··· SUPPLIED DATA ···
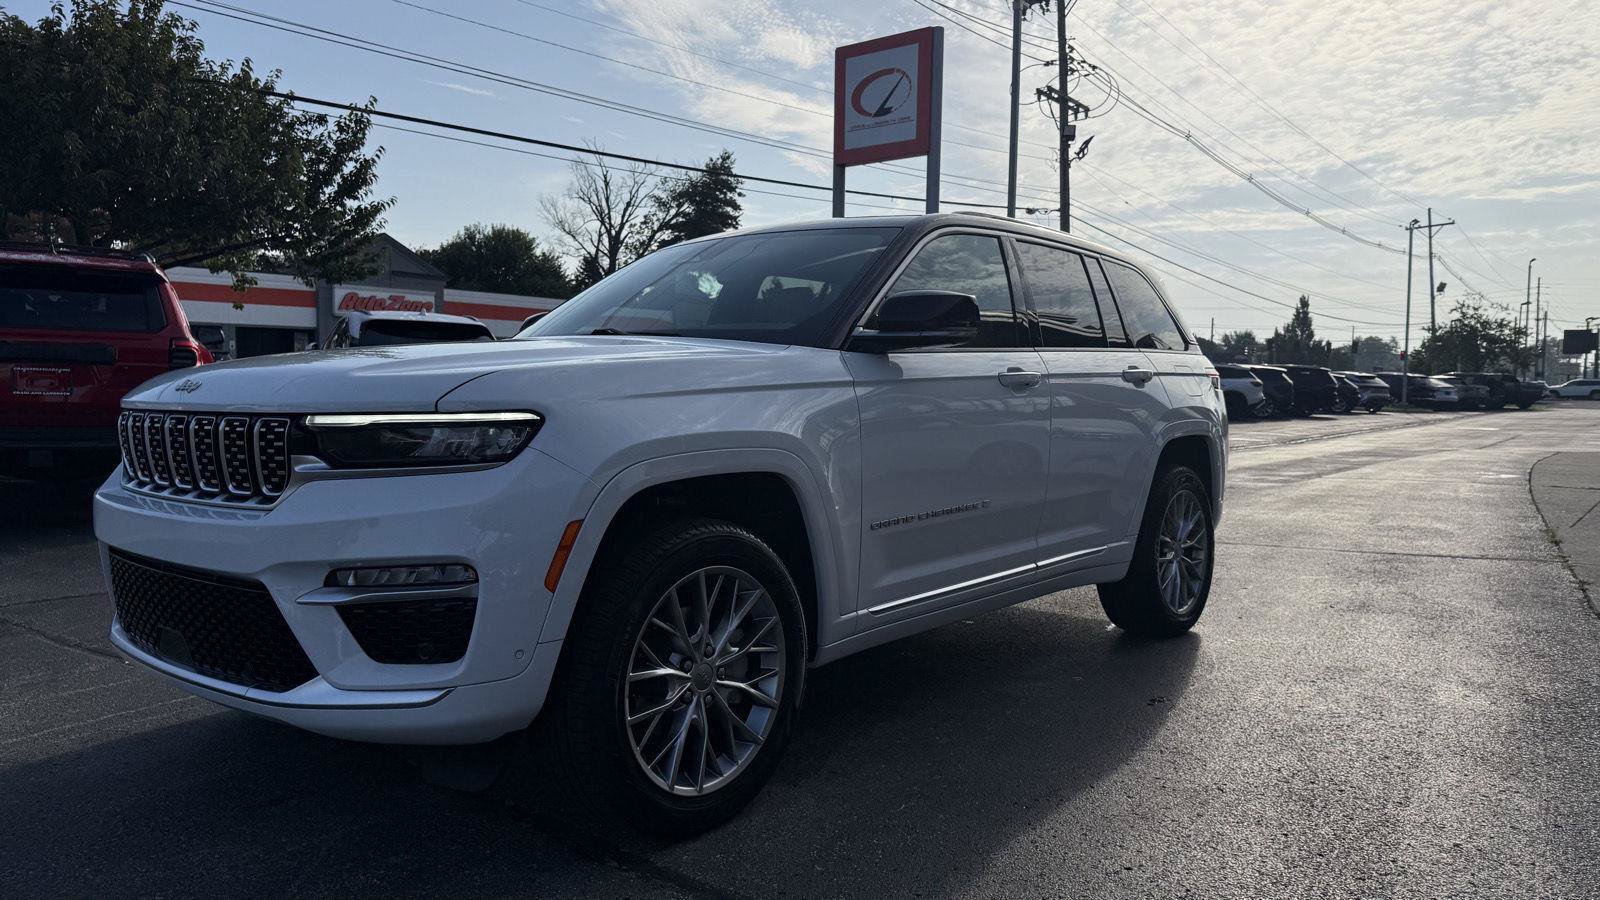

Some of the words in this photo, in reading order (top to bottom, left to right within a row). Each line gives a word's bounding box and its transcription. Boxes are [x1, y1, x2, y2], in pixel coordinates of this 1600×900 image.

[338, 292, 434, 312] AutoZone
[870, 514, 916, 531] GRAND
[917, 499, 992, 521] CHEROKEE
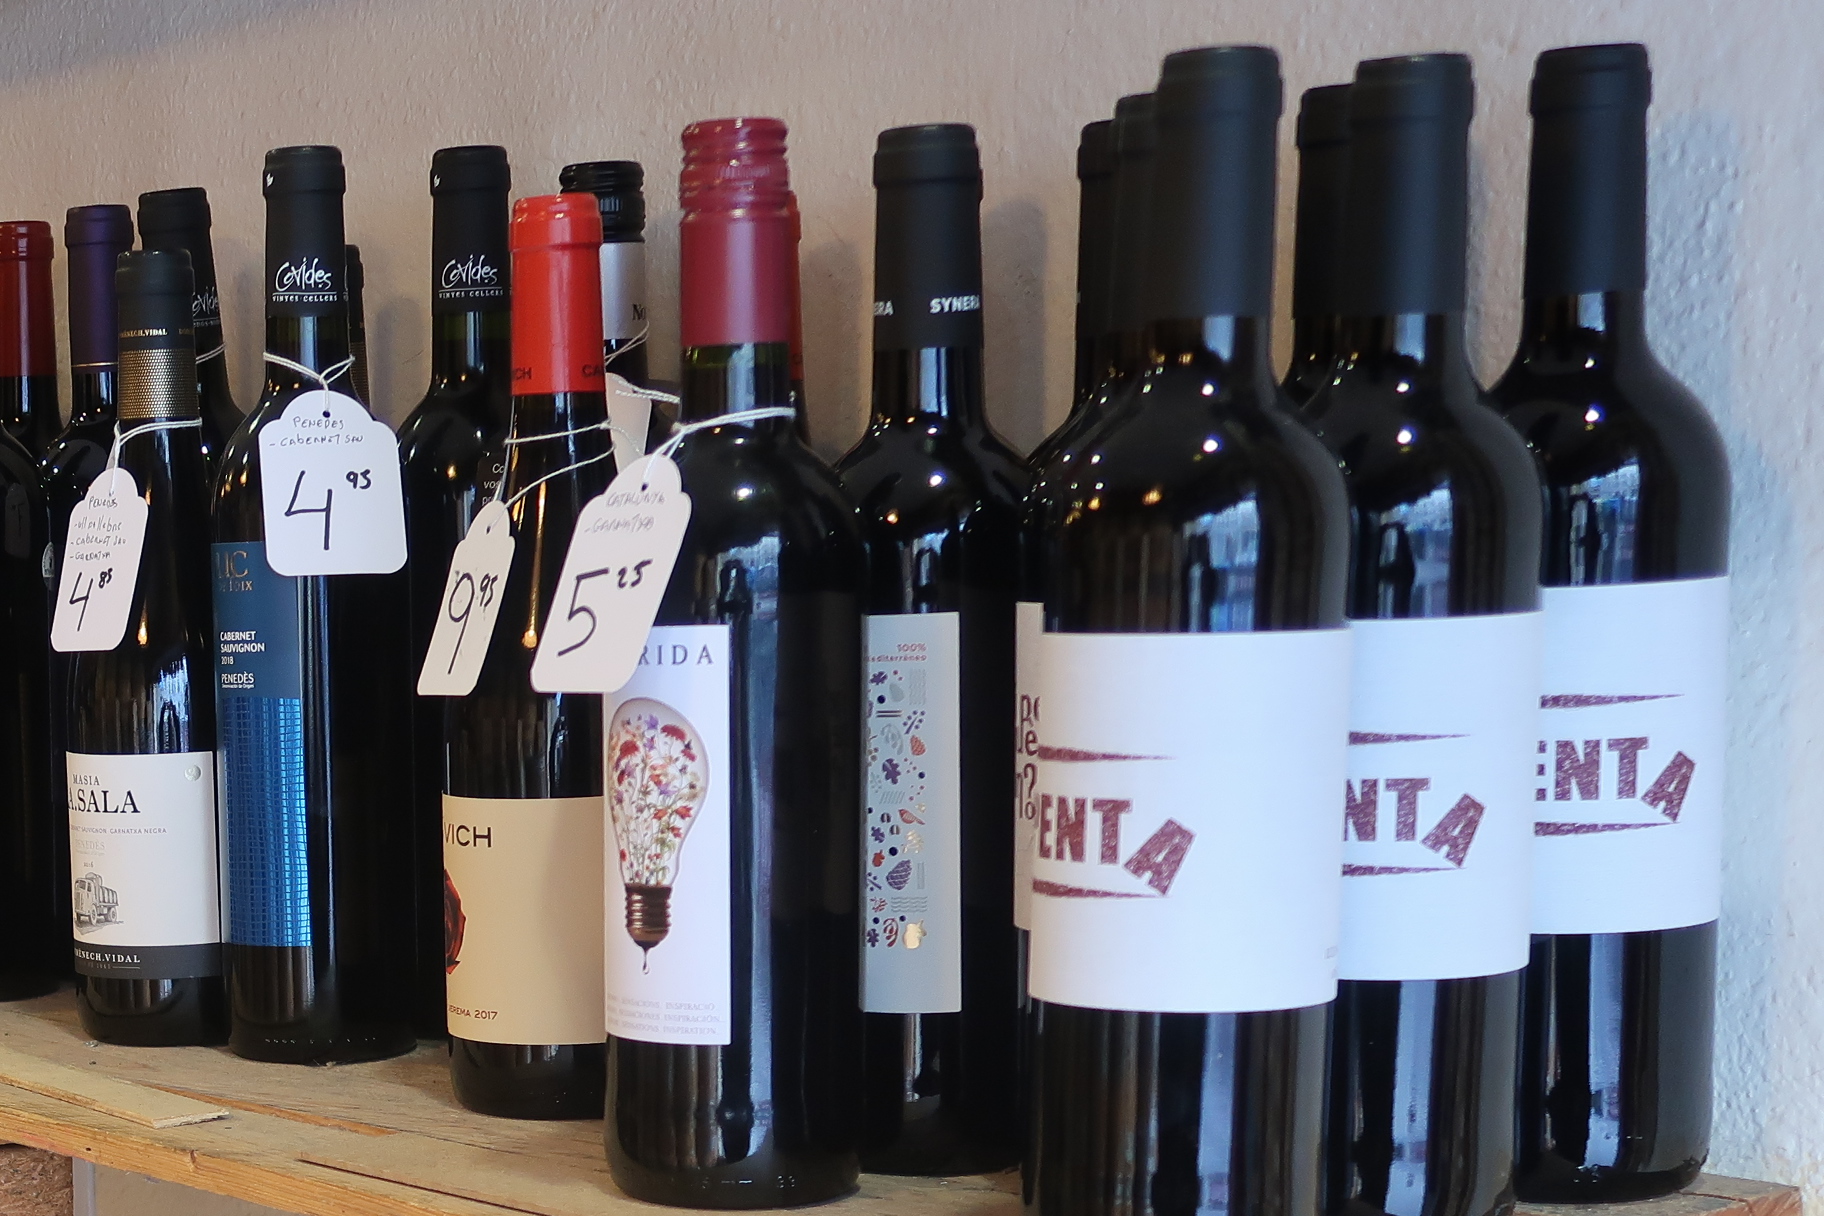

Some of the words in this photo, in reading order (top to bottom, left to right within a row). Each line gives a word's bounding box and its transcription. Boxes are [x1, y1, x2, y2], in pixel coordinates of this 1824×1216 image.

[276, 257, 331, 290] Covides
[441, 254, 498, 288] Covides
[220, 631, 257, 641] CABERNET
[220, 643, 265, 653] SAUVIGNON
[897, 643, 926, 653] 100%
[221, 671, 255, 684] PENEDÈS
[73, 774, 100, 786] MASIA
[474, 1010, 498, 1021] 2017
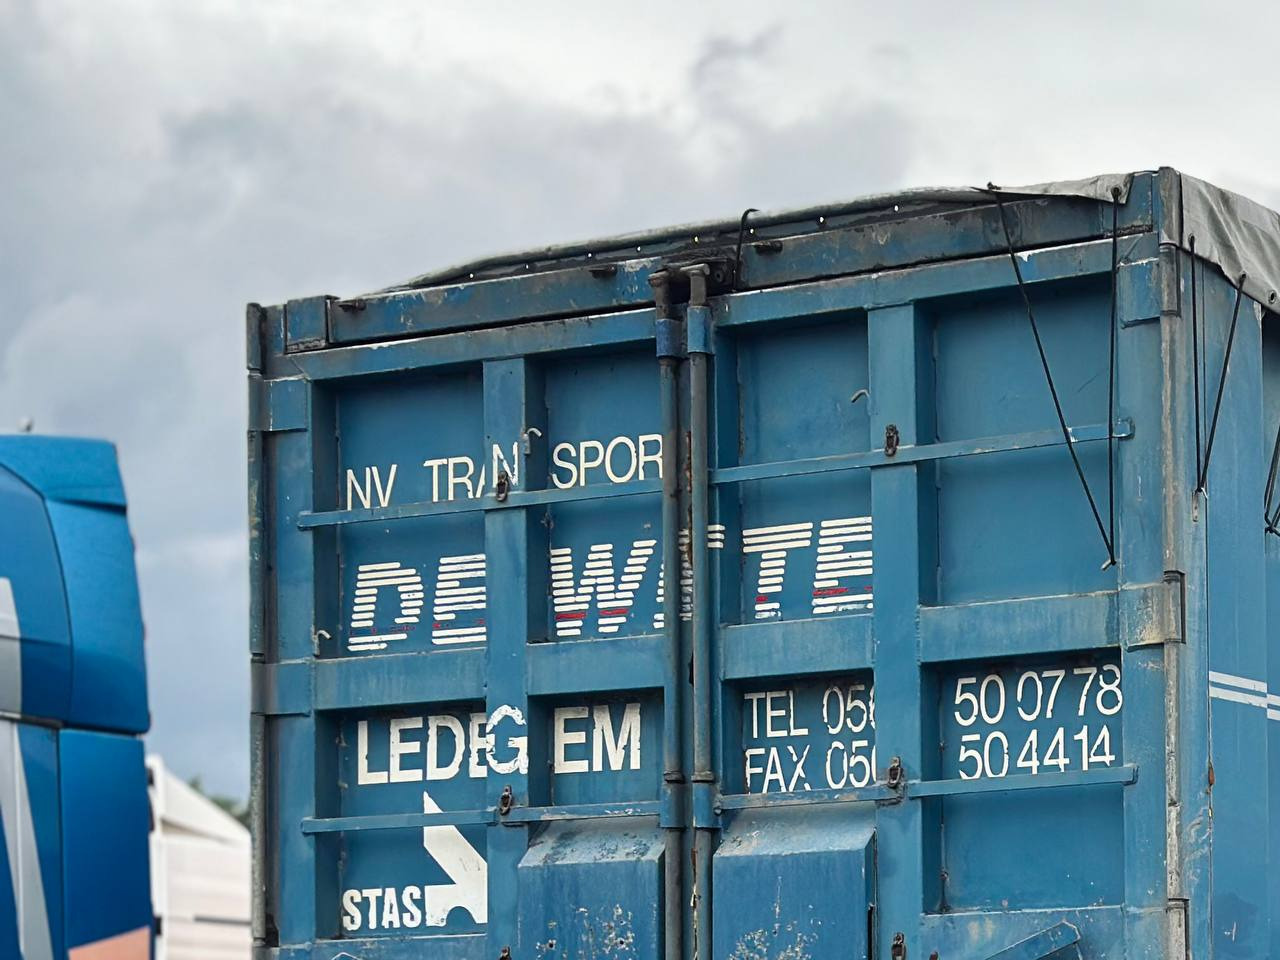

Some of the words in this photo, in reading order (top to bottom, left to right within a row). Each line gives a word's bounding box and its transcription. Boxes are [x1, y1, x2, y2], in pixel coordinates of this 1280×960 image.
···
AIM OF THE TASK: When you return the listing, keep it exact and omit any pictures it holds.

REPLY TO THE EXERCISE:
Some of the words in this photo, in reading order (top to bottom, left to right within a row). Each line gives a word's bounding box and its transcription. Boxes are [x1, y1, x2, y2], in pixel coordinates of this 1600×900 image.

[338, 292, 434, 312] AutoZone
[870, 514, 916, 531] GRAND
[917, 499, 992, 521] CHEROKEE

Some of the words in this photo, in reading order (top to bottom, left to right within a row). Each line gives a word's bounding box and its transcription. Boxes are [x1, y1, x2, y2], in pixel coordinates of this 1824×1216 image.

[276, 257, 331, 290] Covides
[441, 254, 498, 288] Covides
[220, 631, 257, 641] CABERNET
[220, 643, 265, 653] SAUVIGNON
[897, 643, 926, 653] 100%
[221, 671, 255, 684] PENEDÈS
[73, 774, 100, 786] MASIA
[474, 1010, 498, 1021] 2017

Some of the words in this photo, in reading order (top to bottom, left to right within a row). Each line gives a word's bounding box and its transcription. Boxes are [x1, y1, x2, y2], in pixel coordinates of this 1280×960 image.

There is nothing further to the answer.